Image-backed grounding data
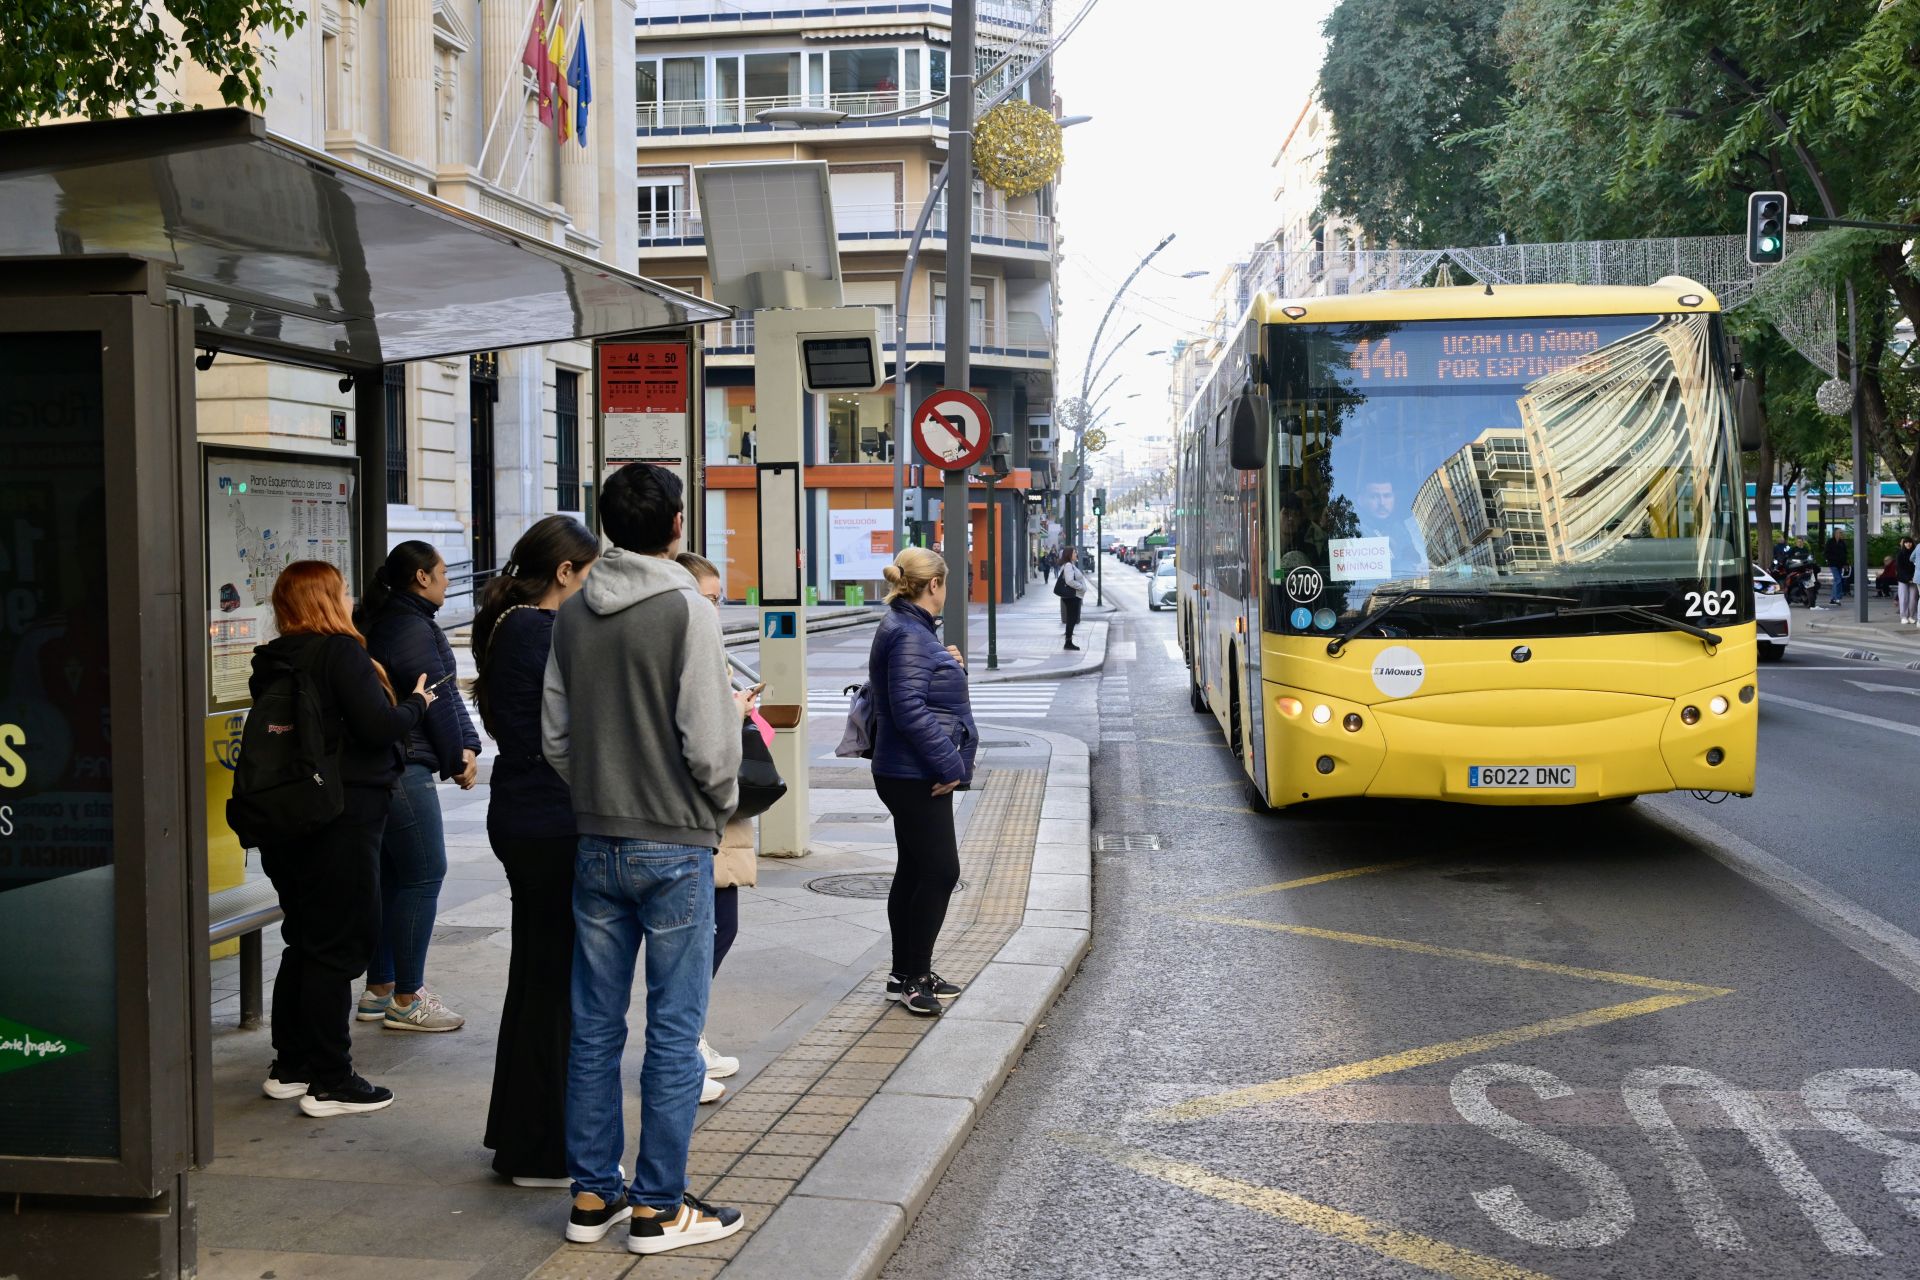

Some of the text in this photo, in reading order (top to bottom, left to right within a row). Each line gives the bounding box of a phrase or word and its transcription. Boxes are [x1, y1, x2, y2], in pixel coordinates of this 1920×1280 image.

[1443, 330, 1599, 355] UCAM LA ÑORA
[628, 352, 639, 364] 44
[664, 352, 676, 363] 50
[1351, 338, 1408, 379] 44A
[1438, 354, 1607, 379] POR ESPINA
[1333, 546, 1385, 558] SERVICIOS
[1336, 561, 1384, 572] MÍNIMOS
[1290, 573, 1319, 596] 3709
[1684, 590, 1737, 617] 262
[1482, 768, 1529, 785] 6022
[1536, 768, 1571, 785] DNC
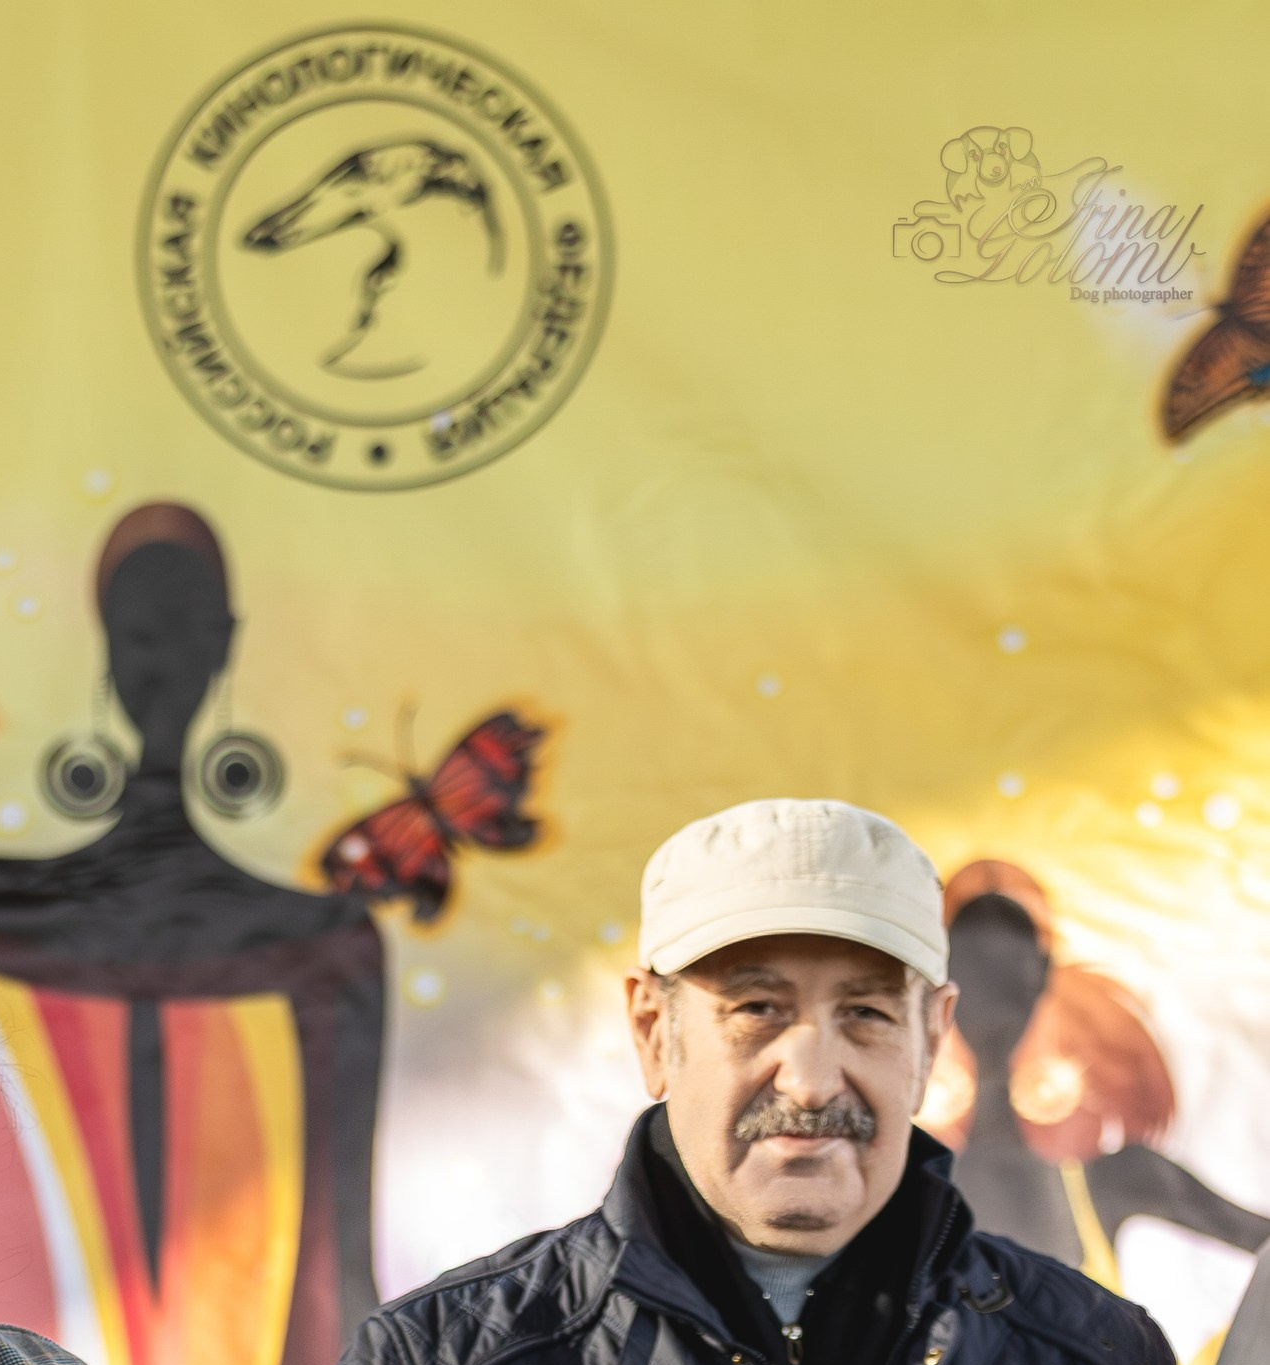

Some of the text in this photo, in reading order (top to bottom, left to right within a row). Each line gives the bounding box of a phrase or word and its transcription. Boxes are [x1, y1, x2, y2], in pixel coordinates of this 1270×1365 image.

[160, 42, 587, 467] РОССИЙСКАЯ КИНОЛОГИЧЕСКАЯ ФЕДЕРАЦИЯ

→ What to work on
Write out the records above in full and exactly, with no pictures.

→ Exercise answer
Some of the text in this photo, in reading order (top to bottom, left to right within a row). Each line gives the bounding box of a phrase or word and its transcription. Boxes are [x1, y1, x2, y2], in pixel coordinates of this 1920×1280 image.

[1443, 330, 1599, 355] UCAM LA ÑORA
[628, 352, 639, 364] 44
[664, 352, 676, 363] 50
[1351, 338, 1408, 379] 44A
[1438, 354, 1607, 379] POR ESPINA
[1333, 546, 1385, 558] SERVICIOS
[1336, 561, 1384, 572] MÍNIMOS
[1290, 573, 1319, 596] 3709
[1684, 590, 1737, 617] 262
[1482, 768, 1529, 785] 6022
[1536, 768, 1571, 785] DNC

Some of the text in this photo, in reading order (top to bottom, left to right within a row). Each line gives the bounding box of a phrase or word and its transcription. Boxes are [x1, y1, x2, y2], in pixel coordinates of this 1270×1365 image.

[160, 42, 587, 467] РОССИЙСКАЯ КИНОЛОГИЧЕСКАЯ ФЕДЕРАЦИЯ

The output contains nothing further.